Monday, February 15, 2010

The Falkland Islands













Dear Family and Friends,

Just 300 miles northeast of Tierra Del Fuego, Argentina, the Falkland Islands (also known as Islas Malvinas) are an archipelago with two main islands, East and West Falkland, and 778 smaller islets and rocks….emphasis on the rock part. The total land area is 4,700 square miles, or about the same size as Connecticut. Three east-west trending mountain ranges, with the highest peak being only the 2,312 foot Mt. Usborne, form the back bone of this desert-like, treeless land with low scrub brush, tall grass and peaty moss moors being the only vegetation. Stanley is the capital and is home to some 1,900 people which is three-fourths the population of the entire island chain. To put that in perspective, Graham, TX has over 8,000 friendly folks. The Falkland Islanders are friendly too, in fact, very much so. Probably because they are just so glad to see anyone from the outside world during the two months that a stray cruise ship or two comes to visit. Our 32 year-old driver, who was from England, came to visit his grandmother, a Falkland native, at age 18 and never returned home. He loves it here and Lord knows you would have to, given the nine month long inhospitable environment of this place.

Don’t get me wrong. The Falklands have their own kind of beauty, but doesn’t it kinda beg the question, why would Great Britain go to war with Argentina for sovereignty over this pile of rocks back in 1982 at the cost of over 400 lives? Could it have been because of the abundant marine wildlife? There are hoards of Peale’s and Commerson’s dolphins, fur seals, and sea lions. Homeward-bound king, gentoo, rockhopper, and Magellanic penguins call the Falklands “home” for a portion of the year. And who could forget the sight of huge black-browed albatross, their eight foot wing span spread, soaring majestically two feet above the waves.

The Argentine military junta, in an effort to distract their citizens from their discontent over domestic economic crisis, invaded based on a claim which dated to Spanish colonial times when all they had in “The Malvinas” was a penal colony and a cattle ranch. Great Britain responded because the British subjects, who made up 95 % of the population of the Falklands at the time, asked the Queen to protect them from the invading Argentines and their bellicose military dictatorship. Margaret Thatcher, equally eager to distract a population beset by their own set of domestic woes, declared war to protect Great Britain’s claim of sovereignty which dates to 1592 when Elizabethan navigator John Davis first sighted the islands. The Argentines had no particular presence in the islands, but they did not want the British to control this area right in the back yard of Argentine Patagonia. Obviously, Great Britain won, but remnants of this bloody war are still evident. We saw orange-suited men with heavy body protection and face shields still out in the fields clearing land mines, buried by the Argentine soldiers to keep the British from re-taking Stanley by land. These stray mines continue to wreak havoc with people and cattle who wander unawares into remote areas surrounding the city.
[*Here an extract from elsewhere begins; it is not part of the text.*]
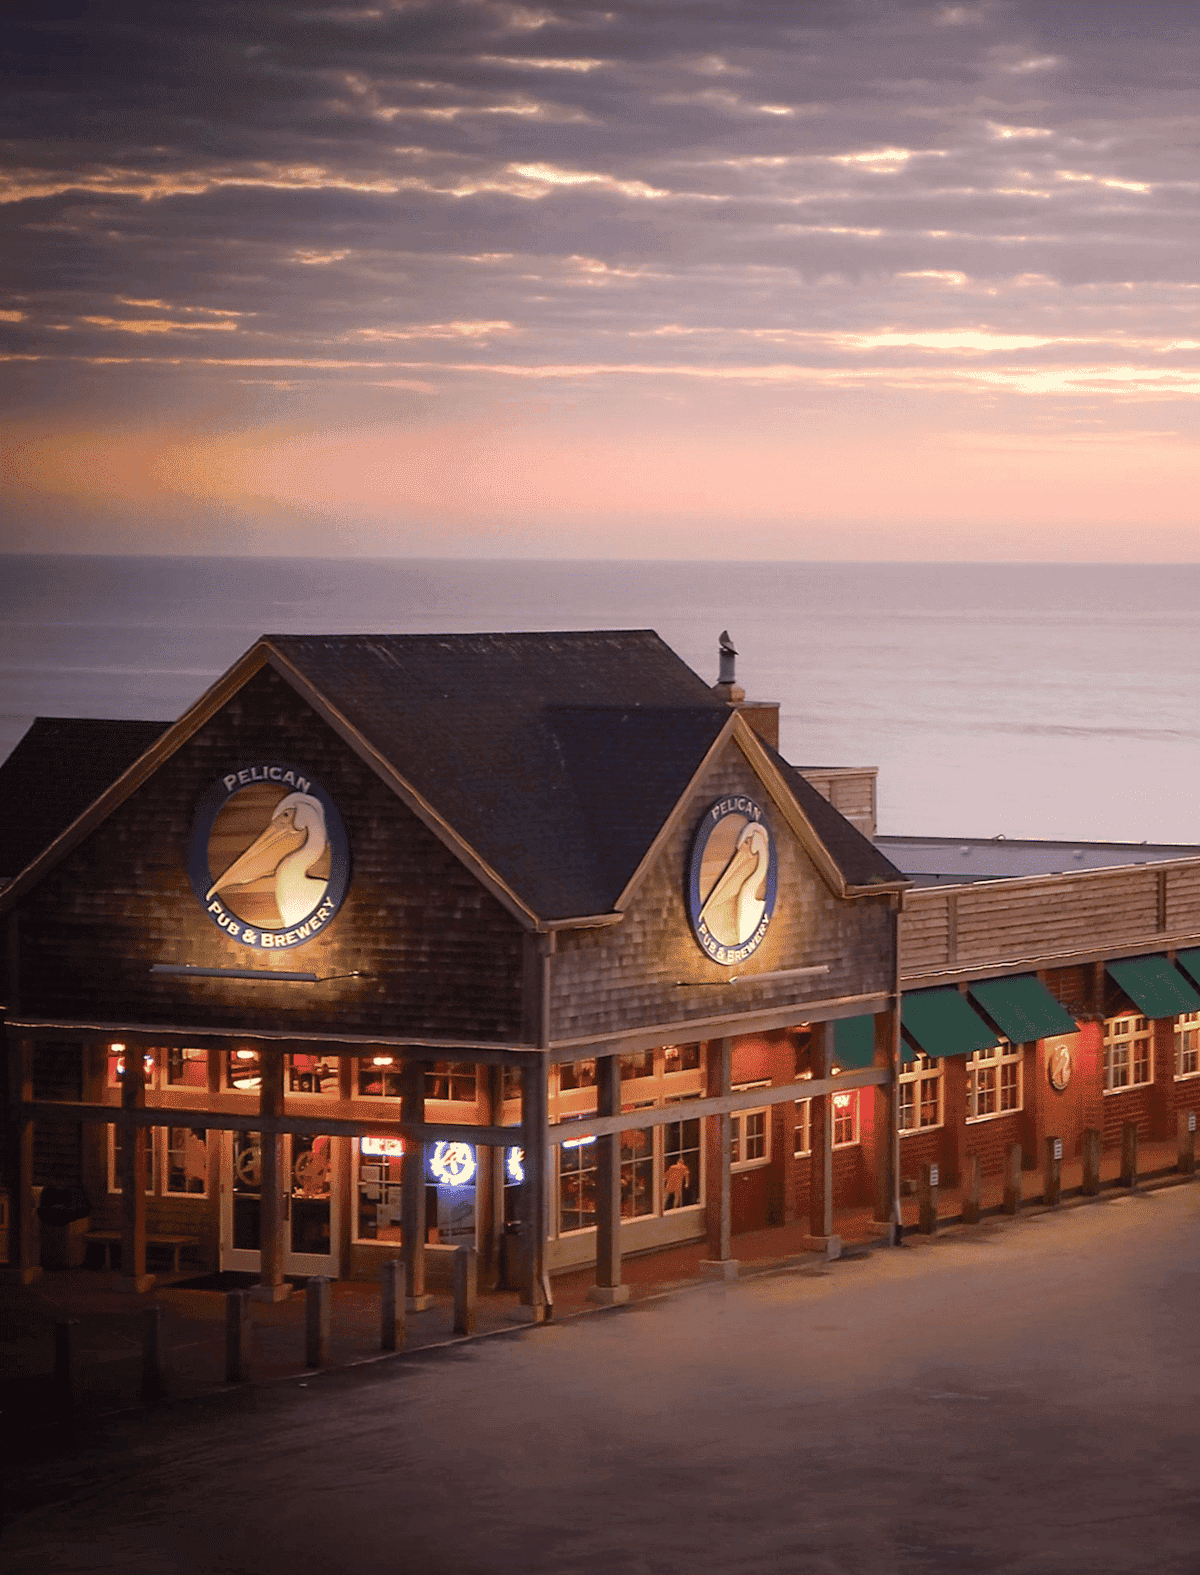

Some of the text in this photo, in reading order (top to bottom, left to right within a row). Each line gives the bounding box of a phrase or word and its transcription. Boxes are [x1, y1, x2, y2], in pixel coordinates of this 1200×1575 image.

We took a tour out to one of these remote locations and boarded 4X4 Land Rovers for the most bumpy, harsh, bone-jarring , albeit mine-less, off-road adventure down to a penguin reserve at Bluff Cove Lagoon. There over 1,000 breeding pairs of Gentoo penguins and a growing colony of King penguins occupy this rocky point. They are beautiful, gentle-looking animals and we were able to get up close and personal with them. Sharing the cove with all those penguins were over 100 breeding pairs of Ruddy headed geese, Upland geese, Snowy sheathbills and skuas. We got up close and personal with them too. A little too personal, actually. It took us 15 minutes to get the geese poop and penguin down off our sneakers, but it was worth it. We didn’t see any breeding going on, but I hope you like the all G-rated pictures anyway.

Not much going on in Port Stanley itself, but the town does have a New England flavor or might even remind you of a Scottish fishing village with its houses built from wood salvaged from storm damaged ships and their brightly painted corrugated metal roofs as well as gardens full of summer flowers.

Next, a day at sea will bring us to the Patagonian city of Puerto Madryn (pronounced ma’DREEN), Argentina at the back of Golfo Nuevo, a huge gulf protected by the Peninsula Valdes, at the Atlantic edge of the vast Pampas, land of the Gaucho.